Run Post-Training Optimization#

Optimization steps apply NVIDIA Model Optimizer flows after you have a trained model that is worth compressing. Run them only on checkpoints that already passed your quality bar.

Steps#

Step id	Purpose	Typical input	Output
`optimize/modelopt/quantize`	Post-training quantization	`checkpoint_hf`	`checkpoint_megatron`
`optimize/modelopt/prune`	Structured pruning	`checkpoint_hf`	`checkpoint_hf`
`optimize/modelopt/distill`	Teacher-student recovery	Teacher and student `checkpoint_hf`, optional `binidx`	`checkpoint_megatron`

Decision Flow#

If you only need a smaller numeric type for inference, start with optimize/modelopt/quantize. Pick a quantization recipe that matches your hardware. FP8 suits Hopper. NVFP4 suits Blackwell. Read step.toml for parameter names and allowed values.
If you need a smaller architecture, use optimize/modelopt/prune.
If quality drops after compression, use optimize/modelopt/distill with a full-precision teacher while the student matches the compressed artifact.
Do not run optimization on unmerged adapters.

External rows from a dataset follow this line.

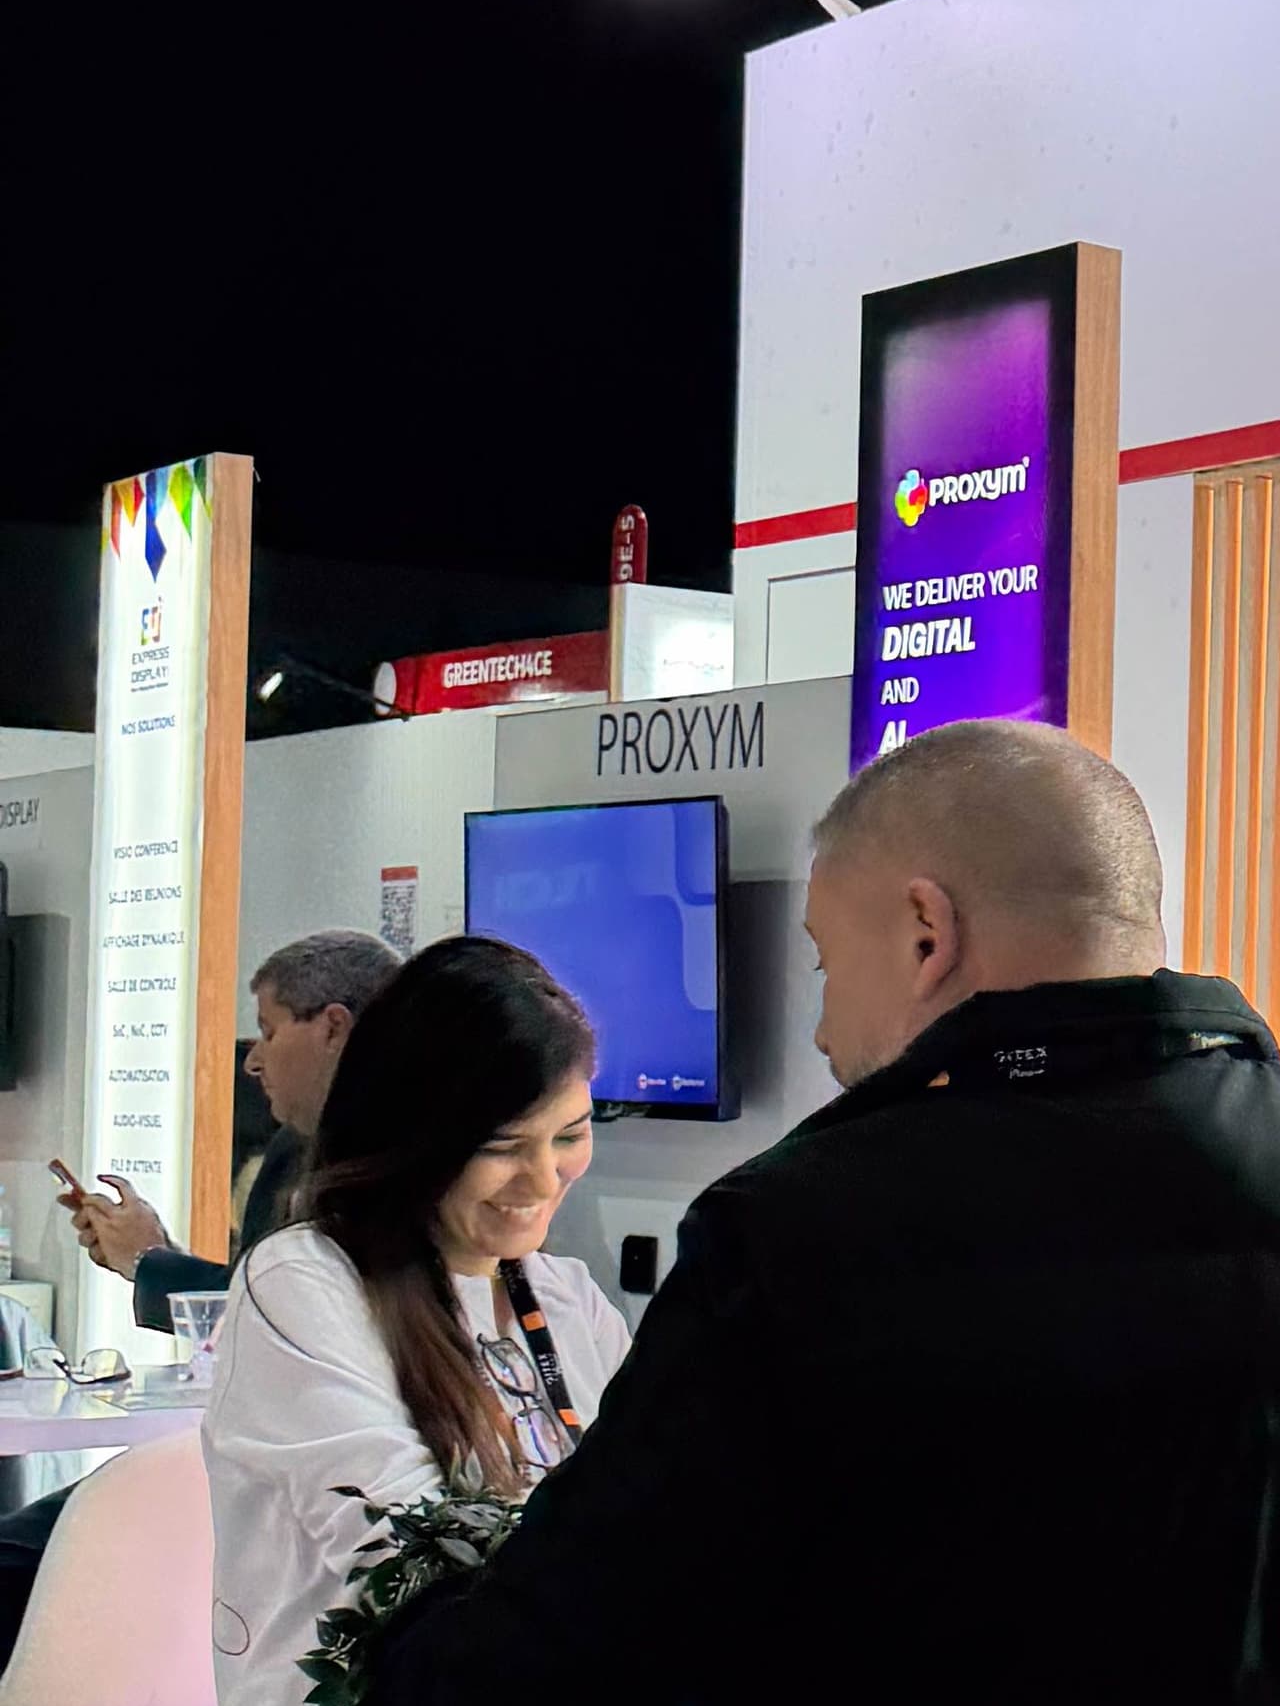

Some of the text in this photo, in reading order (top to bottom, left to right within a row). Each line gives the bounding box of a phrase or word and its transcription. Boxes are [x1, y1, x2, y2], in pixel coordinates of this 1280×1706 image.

[883, 564, 1038, 611] WE DELIVER YOUR
[881, 616, 976, 662] DIGITAL
[880, 676, 920, 705] AND
[597, 700, 765, 776] PROXYM
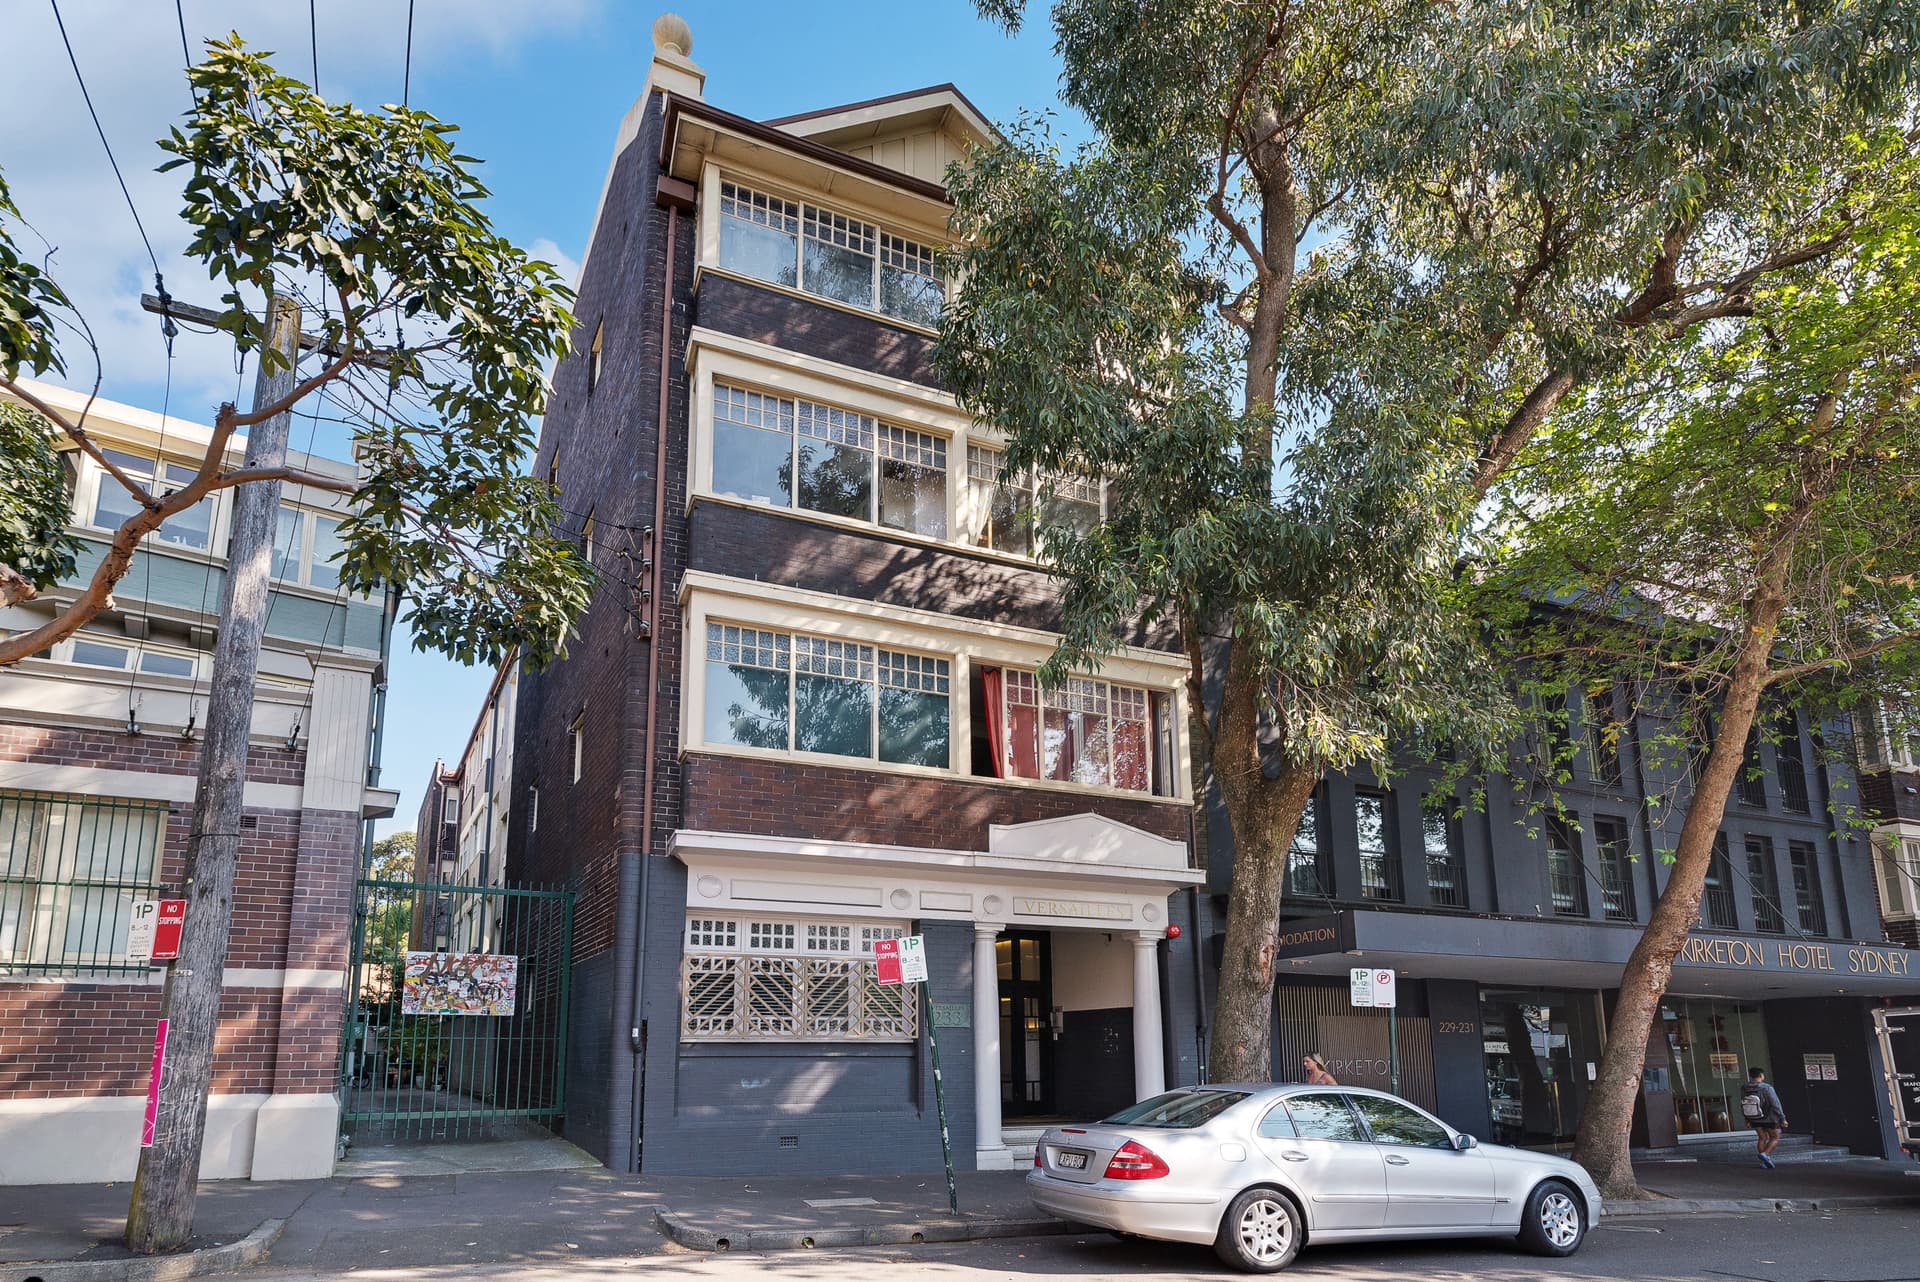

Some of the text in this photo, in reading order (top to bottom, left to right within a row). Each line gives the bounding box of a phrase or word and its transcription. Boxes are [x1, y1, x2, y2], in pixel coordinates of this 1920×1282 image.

[136, 904, 153, 919] 1P
[166, 905, 178, 913] NO
[1024, 900, 1126, 919] VERSAILLES
[158, 916, 182, 925] STOPPING
[902, 938, 919, 951] 1P
[1680, 937, 1909, 976] KIRKETON HOTEL SYDNEY
[1355, 970, 1368, 981] 1P
[1439, 1022, 1474, 1033] 229-231
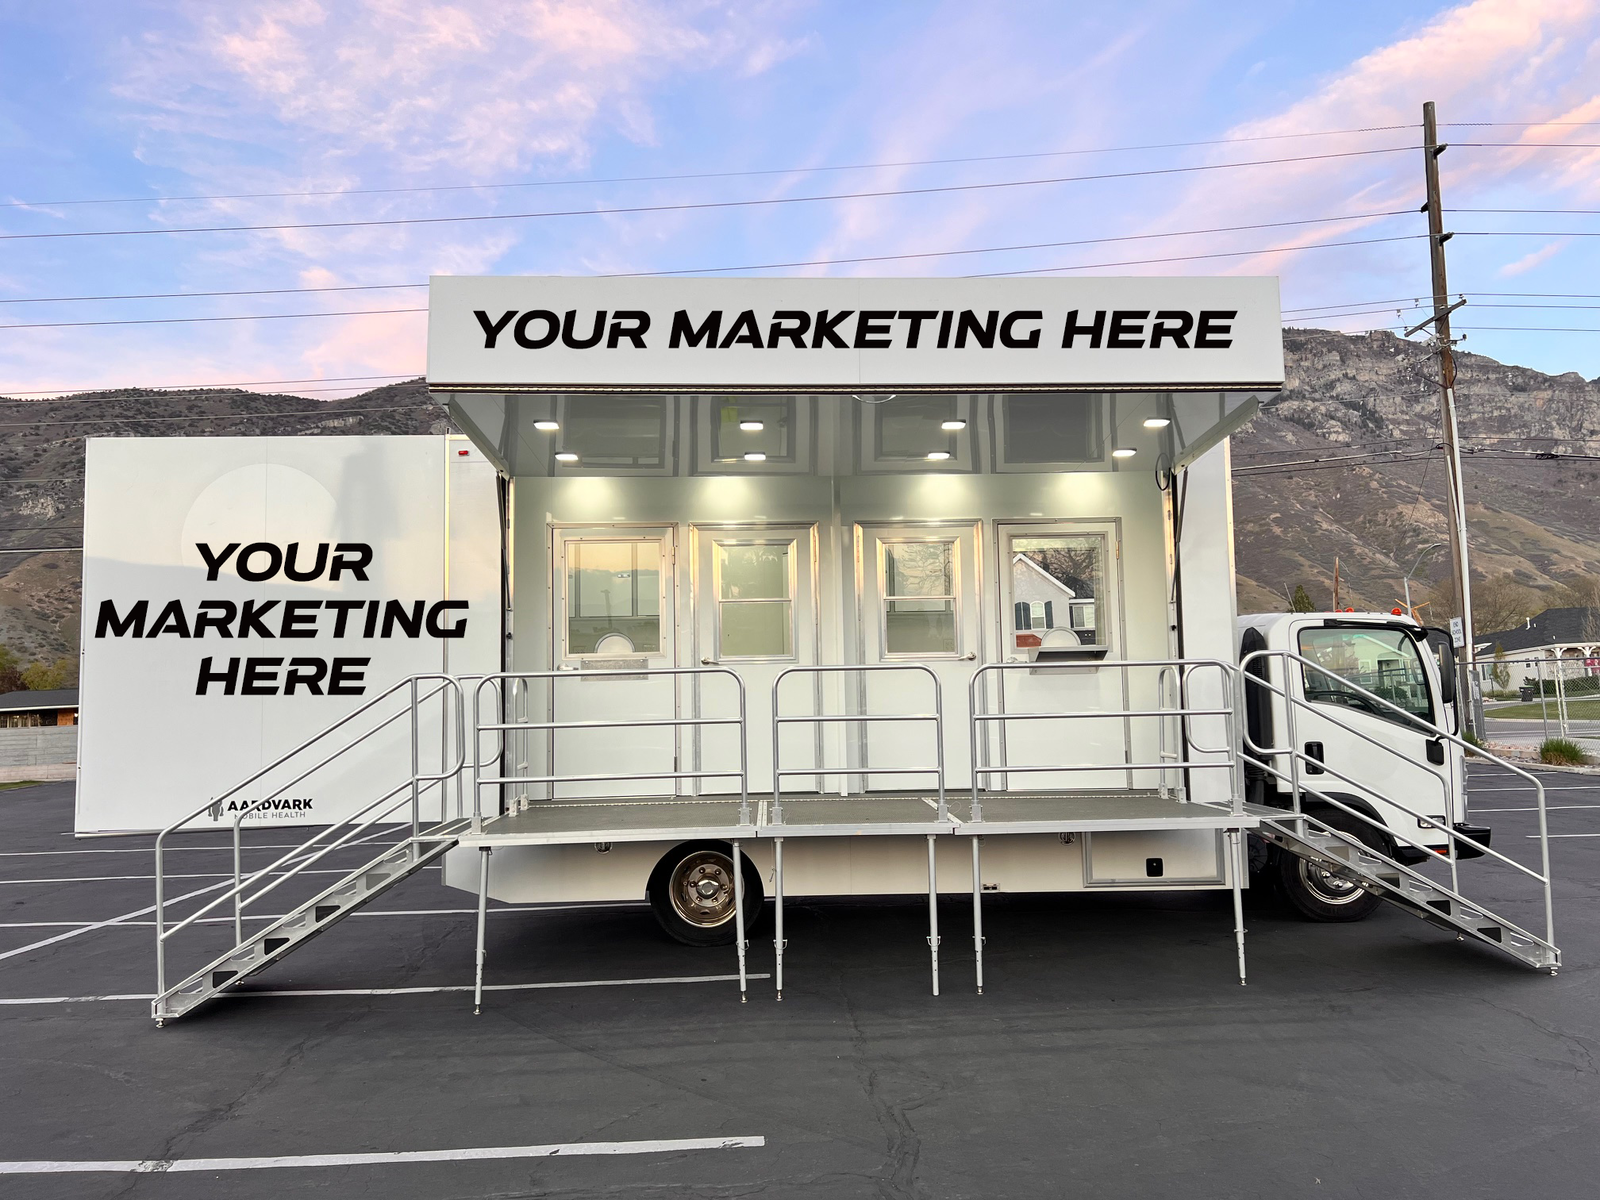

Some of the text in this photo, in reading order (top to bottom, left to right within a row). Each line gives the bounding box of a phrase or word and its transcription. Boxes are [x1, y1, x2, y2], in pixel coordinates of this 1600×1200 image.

When the source was parameter-efficient fine tuning (PEFT) with low-rank adaptation (LoRA), merge LoRA into a base checkpoint first.

Order of Operations#

Distillation after pruning is the usual recovery order when both apply. Quantization is largely independent. Quantization still needs a benchmark before and after you run it.

Sample Commands#

$ uv run nemotron steps run optimize/modelopt/quantize -c tiny
$ uv run nemotron steps run optimize/modelopt/prune -c tiny
$ uv run nemotron steps run optimize/modelopt/distill -c tiny

Tiny runs and mock-data runs validate end-to-end execution only. Judge final quality on full calibration or distillation data.

Success Criteria#

You keep the original high-precision checkpoint and its evaluation baseline.
Post-optimization evaluation uses the same benchmark suite as pre-optimization evaluation.